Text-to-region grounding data
*** Begin section ***

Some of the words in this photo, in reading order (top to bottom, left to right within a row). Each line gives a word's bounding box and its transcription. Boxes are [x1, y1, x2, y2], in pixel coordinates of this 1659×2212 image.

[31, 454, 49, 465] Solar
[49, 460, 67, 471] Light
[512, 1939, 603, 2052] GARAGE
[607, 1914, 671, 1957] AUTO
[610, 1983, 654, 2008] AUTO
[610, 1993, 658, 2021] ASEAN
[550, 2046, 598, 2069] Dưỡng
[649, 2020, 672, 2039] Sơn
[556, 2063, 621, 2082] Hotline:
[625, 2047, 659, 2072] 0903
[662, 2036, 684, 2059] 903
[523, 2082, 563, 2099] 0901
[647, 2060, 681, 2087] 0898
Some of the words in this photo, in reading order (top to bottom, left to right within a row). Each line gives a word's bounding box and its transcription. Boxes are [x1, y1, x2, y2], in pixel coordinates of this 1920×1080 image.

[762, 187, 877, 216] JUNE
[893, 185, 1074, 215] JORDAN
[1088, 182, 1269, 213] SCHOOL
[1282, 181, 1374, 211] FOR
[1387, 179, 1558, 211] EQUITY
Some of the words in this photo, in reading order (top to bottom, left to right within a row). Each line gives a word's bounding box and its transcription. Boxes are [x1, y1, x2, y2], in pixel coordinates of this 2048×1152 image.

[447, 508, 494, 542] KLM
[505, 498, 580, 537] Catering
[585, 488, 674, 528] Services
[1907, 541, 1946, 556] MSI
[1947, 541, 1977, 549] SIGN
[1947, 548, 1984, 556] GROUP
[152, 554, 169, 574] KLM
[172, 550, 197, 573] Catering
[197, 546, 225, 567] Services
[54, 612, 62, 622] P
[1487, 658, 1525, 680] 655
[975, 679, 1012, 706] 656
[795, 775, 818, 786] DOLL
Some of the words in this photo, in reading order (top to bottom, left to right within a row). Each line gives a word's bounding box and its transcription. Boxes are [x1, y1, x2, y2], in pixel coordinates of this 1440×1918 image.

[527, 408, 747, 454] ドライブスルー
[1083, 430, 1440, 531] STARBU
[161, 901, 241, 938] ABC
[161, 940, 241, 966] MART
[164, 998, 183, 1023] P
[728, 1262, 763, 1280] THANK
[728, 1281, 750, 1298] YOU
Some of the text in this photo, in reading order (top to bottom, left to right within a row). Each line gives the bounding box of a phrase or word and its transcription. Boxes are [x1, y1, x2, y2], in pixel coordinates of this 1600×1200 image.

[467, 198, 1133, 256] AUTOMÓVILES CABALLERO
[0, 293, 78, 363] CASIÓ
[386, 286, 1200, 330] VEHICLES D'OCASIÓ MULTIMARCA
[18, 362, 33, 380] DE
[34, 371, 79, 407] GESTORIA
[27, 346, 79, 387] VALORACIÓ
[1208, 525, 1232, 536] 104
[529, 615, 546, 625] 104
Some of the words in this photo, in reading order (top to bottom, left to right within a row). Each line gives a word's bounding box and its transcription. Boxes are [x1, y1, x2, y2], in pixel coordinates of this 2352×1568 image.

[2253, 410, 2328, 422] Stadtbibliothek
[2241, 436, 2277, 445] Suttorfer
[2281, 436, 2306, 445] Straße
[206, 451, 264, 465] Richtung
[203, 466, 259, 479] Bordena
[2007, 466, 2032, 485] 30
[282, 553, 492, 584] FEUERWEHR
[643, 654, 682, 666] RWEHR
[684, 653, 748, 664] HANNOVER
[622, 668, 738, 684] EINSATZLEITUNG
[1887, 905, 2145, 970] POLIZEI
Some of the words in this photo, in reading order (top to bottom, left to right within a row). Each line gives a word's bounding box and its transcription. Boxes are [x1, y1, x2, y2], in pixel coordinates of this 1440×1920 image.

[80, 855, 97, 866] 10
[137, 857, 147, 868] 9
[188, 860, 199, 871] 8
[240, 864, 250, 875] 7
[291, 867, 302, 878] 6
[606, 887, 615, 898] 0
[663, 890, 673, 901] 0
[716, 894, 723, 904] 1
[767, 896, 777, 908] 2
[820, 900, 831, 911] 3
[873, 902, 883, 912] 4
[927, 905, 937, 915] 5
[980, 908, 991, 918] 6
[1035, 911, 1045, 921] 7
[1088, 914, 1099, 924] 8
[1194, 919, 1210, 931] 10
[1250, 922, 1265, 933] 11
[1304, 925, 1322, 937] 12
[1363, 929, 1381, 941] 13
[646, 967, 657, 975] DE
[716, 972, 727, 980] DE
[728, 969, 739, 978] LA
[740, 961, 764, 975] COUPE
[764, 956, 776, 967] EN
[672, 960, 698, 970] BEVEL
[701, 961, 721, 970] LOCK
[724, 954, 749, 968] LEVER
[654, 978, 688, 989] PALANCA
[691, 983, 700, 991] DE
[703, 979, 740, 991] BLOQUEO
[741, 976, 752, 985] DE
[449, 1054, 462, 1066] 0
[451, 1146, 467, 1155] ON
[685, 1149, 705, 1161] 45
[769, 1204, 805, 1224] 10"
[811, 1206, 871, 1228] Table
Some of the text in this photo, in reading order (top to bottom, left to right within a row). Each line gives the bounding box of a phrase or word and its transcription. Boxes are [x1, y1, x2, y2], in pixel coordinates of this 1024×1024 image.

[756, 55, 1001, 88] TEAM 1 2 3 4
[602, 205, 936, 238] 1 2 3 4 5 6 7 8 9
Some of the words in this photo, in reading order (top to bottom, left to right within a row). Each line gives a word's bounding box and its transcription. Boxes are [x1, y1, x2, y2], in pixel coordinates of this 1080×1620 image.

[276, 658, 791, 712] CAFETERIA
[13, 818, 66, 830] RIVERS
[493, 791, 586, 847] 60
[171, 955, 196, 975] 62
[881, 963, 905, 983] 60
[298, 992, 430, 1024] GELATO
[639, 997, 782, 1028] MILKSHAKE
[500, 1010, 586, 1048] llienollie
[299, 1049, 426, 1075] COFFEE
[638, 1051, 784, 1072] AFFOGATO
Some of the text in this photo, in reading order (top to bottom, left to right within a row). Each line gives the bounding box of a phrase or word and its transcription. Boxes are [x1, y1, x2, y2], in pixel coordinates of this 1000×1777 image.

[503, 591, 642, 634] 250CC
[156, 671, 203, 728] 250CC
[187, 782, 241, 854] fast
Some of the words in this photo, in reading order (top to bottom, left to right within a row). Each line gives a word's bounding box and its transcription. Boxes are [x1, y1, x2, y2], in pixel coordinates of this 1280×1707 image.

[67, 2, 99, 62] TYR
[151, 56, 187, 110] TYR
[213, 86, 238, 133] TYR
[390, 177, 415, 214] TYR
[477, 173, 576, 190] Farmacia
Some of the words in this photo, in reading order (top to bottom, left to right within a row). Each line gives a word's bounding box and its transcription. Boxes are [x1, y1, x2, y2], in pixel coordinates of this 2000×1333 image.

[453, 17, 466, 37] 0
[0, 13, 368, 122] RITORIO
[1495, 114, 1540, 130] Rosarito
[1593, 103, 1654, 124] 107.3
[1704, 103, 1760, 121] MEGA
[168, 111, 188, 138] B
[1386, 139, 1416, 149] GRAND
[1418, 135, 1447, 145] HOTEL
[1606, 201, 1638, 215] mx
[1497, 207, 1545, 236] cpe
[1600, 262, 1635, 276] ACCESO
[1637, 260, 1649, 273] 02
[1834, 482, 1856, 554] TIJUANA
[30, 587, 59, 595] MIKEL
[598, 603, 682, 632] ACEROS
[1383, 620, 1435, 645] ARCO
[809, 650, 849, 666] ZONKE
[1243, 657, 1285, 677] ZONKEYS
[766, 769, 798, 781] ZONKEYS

*** End section ***

GOAL OF THE EXERCISE: Your task is to output all of the data above word for word.

EXERCISE OUTPUT:
Some of the words in this photo, in reading order (top to bottom, left to right within a row). Each line gives a word's bounding box and its transcription. Boxes are [x1, y1, x2, y2], in pixel coordinates of this 1659×2212 image.

[31, 454, 49, 465] Solar
[49, 460, 67, 471] Light
[512, 1939, 603, 2052] GARAGE
[607, 1914, 671, 1957] AUTO
[610, 1983, 654, 2008] AUTO
[610, 1993, 658, 2021] ASEAN
[550, 2046, 598, 2069] Dưỡng
[649, 2020, 672, 2039] Sơn
[556, 2063, 621, 2082] Hotline:
[625, 2047, 659, 2072] 0903
[662, 2036, 684, 2059] 903
[523, 2082, 563, 2099] 0901
[647, 2060, 681, 2087] 0898
Some of the words in this photo, in reading order (top to bottom, left to right within a row). Each line gives a word's bounding box and its transcription. Boxes are [x1, y1, x2, y2], in pixel coordinates of this 1920×1080 image.

[762, 187, 877, 216] JUNE
[893, 185, 1074, 215] JORDAN
[1088, 182, 1269, 213] SCHOOL
[1282, 181, 1374, 211] FOR
[1387, 179, 1558, 211] EQUITY
Some of the words in this photo, in reading order (top to bottom, left to right within a row). Each line gives a word's bounding box and its transcription. Boxes are [x1, y1, x2, y2], in pixel coordinates of this 2048×1152 image.

[447, 508, 494, 542] KLM
[505, 498, 580, 537] Catering
[585, 488, 674, 528] Services
[1907, 541, 1946, 556] MSI
[1947, 541, 1977, 549] SIGN
[1947, 548, 1984, 556] GROUP
[152, 554, 169, 574] KLM
[172, 550, 197, 573] Catering
[197, 546, 225, 567] Services
[54, 612, 62, 622] P
[1487, 658, 1525, 680] 655
[975, 679, 1012, 706] 656
[795, 775, 818, 786] DOLL
Some of the words in this photo, in reading order (top to bottom, left to right within a row). Each line gives a word's bounding box and its transcription. Boxes are [x1, y1, x2, y2], in pixel coordinates of this 1440×1918 image.

[527, 408, 747, 454] ドライブスルー
[1083, 430, 1440, 531] STARBU
[161, 901, 241, 938] ABC
[161, 940, 241, 966] MART
[164, 998, 183, 1023] P
[728, 1262, 763, 1280] THANK
[728, 1281, 750, 1298] YOU
Some of the text in this photo, in reading order (top to bottom, left to right within a row). Each line gives the bounding box of a phrase or word and its transcription. Boxes are [x1, y1, x2, y2], in pixel coordinates of this 1600×1200 image.

[467, 198, 1133, 256] AUTOMÓVILES CABALLERO
[0, 293, 78, 363] CASIÓ
[386, 286, 1200, 330] VEHICLES D'OCASIÓ MULTIMARCA
[18, 362, 33, 380] DE
[34, 371, 79, 407] GESTORIA
[27, 346, 79, 387] VALORACIÓ
[1208, 525, 1232, 536] 104
[529, 615, 546, 625] 104
Some of the words in this photo, in reading order (top to bottom, left to right within a row). Each line gives a word's bounding box and its transcription. Boxes are [x1, y1, x2, y2], in pixel coordinates of this 2352×1568 image.

[2253, 410, 2328, 422] Stadtbibliothek
[2241, 436, 2277, 445] Suttorfer
[2281, 436, 2306, 445] Straße
[206, 451, 264, 465] Richtung
[203, 466, 259, 479] Bordena
[2007, 466, 2032, 485] 30
[282, 553, 492, 584] FEUERWEHR
[643, 654, 682, 666] RWEHR
[684, 653, 748, 664] HANNOVER
[622, 668, 738, 684] EINSATZLEITUNG
[1887, 905, 2145, 970] POLIZEI
Some of the words in this photo, in reading order (top to bottom, left to right within a row). Each line gives a word's bounding box and its transcription. Boxes are [x1, y1, x2, y2], in pixel coordinates of this 1440×1920 image.

[80, 855, 97, 866] 10
[137, 857, 147, 868] 9
[188, 860, 199, 871] 8
[240, 864, 250, 875] 7
[291, 867, 302, 878] 6
[606, 887, 615, 898] 0
[663, 890, 673, 901] 0
[716, 894, 723, 904] 1
[767, 896, 777, 908] 2
[820, 900, 831, 911] 3
[873, 902, 883, 912] 4
[927, 905, 937, 915] 5
[980, 908, 991, 918] 6
[1035, 911, 1045, 921] 7
[1088, 914, 1099, 924] 8
[1194, 919, 1210, 931] 10
[1250, 922, 1265, 933] 11
[1304, 925, 1322, 937] 12
[1363, 929, 1381, 941] 13
[646, 967, 657, 975] DE
[716, 972, 727, 980] DE
[728, 969, 739, 978] LA
[740, 961, 764, 975] COUPE
[764, 956, 776, 967] EN
[672, 960, 698, 970] BEVEL
[701, 961, 721, 970] LOCK
[724, 954, 749, 968] LEVER
[654, 978, 688, 989] PALANCA
[691, 983, 700, 991] DE
[703, 979, 740, 991] BLOQUEO
[741, 976, 752, 985] DE
[449, 1054, 462, 1066] 0
[451, 1146, 467, 1155] ON
[685, 1149, 705, 1161] 45
[769, 1204, 805, 1224] 10"
[811, 1206, 871, 1228] Table
Some of the text in this photo, in reading order (top to bottom, left to right within a row). Each line gives the bounding box of a phrase or word and its transcription. Boxes are [x1, y1, x2, y2], in pixel coordinates of this 1024×1024 image.

[756, 55, 1001, 88] TEAM 1 2 3 4
[602, 205, 936, 238] 1 2 3 4 5 6 7 8 9
Some of the words in this photo, in reading order (top to bottom, left to right within a row). Each line gives a word's bounding box and its transcription. Boxes are [x1, y1, x2, y2], in pixel coordinates of this 1080×1620 image.

[276, 658, 791, 712] CAFETERIA
[13, 818, 66, 830] RIVERS
[493, 791, 586, 847] 60
[171, 955, 196, 975] 62
[881, 963, 905, 983] 60
[298, 992, 430, 1024] GELATO
[639, 997, 782, 1028] MILKSHAKE
[500, 1010, 586, 1048] llienollie
[299, 1049, 426, 1075] COFFEE
[638, 1051, 784, 1072] AFFOGATO
Some of the text in this photo, in reading order (top to bottom, left to right within a row). Each line gives the bounding box of a phrase or word and its transcription. Boxes are [x1, y1, x2, y2], in pixel coordinates of this 1000×1777 image.

[503, 591, 642, 634] 250CC
[156, 671, 203, 728] 250CC
[187, 782, 241, 854] fast
Some of the words in this photo, in reading order (top to bottom, left to right within a row). Each line gives a word's bounding box and its transcription. Boxes are [x1, y1, x2, y2], in pixel coordinates of this 1280×1707 image.

[67, 2, 99, 62] TYR
[151, 56, 187, 110] TYR
[213, 86, 238, 133] TYR
[390, 177, 415, 214] TYR
[477, 173, 576, 190] Farmacia
Some of the words in this photo, in reading order (top to bottom, left to right within a row). Each line gives a word's bounding box and its transcription. Boxes are [x1, y1, x2, y2], in pixel coordinates of this 2000×1333 image.

[453, 17, 466, 37] 0
[0, 13, 368, 122] RITORIO
[1495, 114, 1540, 130] Rosarito
[1593, 103, 1654, 124] 107.3
[1704, 103, 1760, 121] MEGA
[168, 111, 188, 138] B
[1386, 139, 1416, 149] GRAND
[1418, 135, 1447, 145] HOTEL
[1606, 201, 1638, 215] mx
[1497, 207, 1545, 236] cpe
[1600, 262, 1635, 276] ACCESO
[1637, 260, 1649, 273] 02
[1834, 482, 1856, 554] TIJUANA
[30, 587, 59, 595] MIKEL
[598, 603, 682, 632] ACEROS
[1383, 620, 1435, 645] ARCO
[809, 650, 849, 666] ZONKE
[1243, 657, 1285, 677] ZONKEYS
[766, 769, 798, 781] ZONKEYS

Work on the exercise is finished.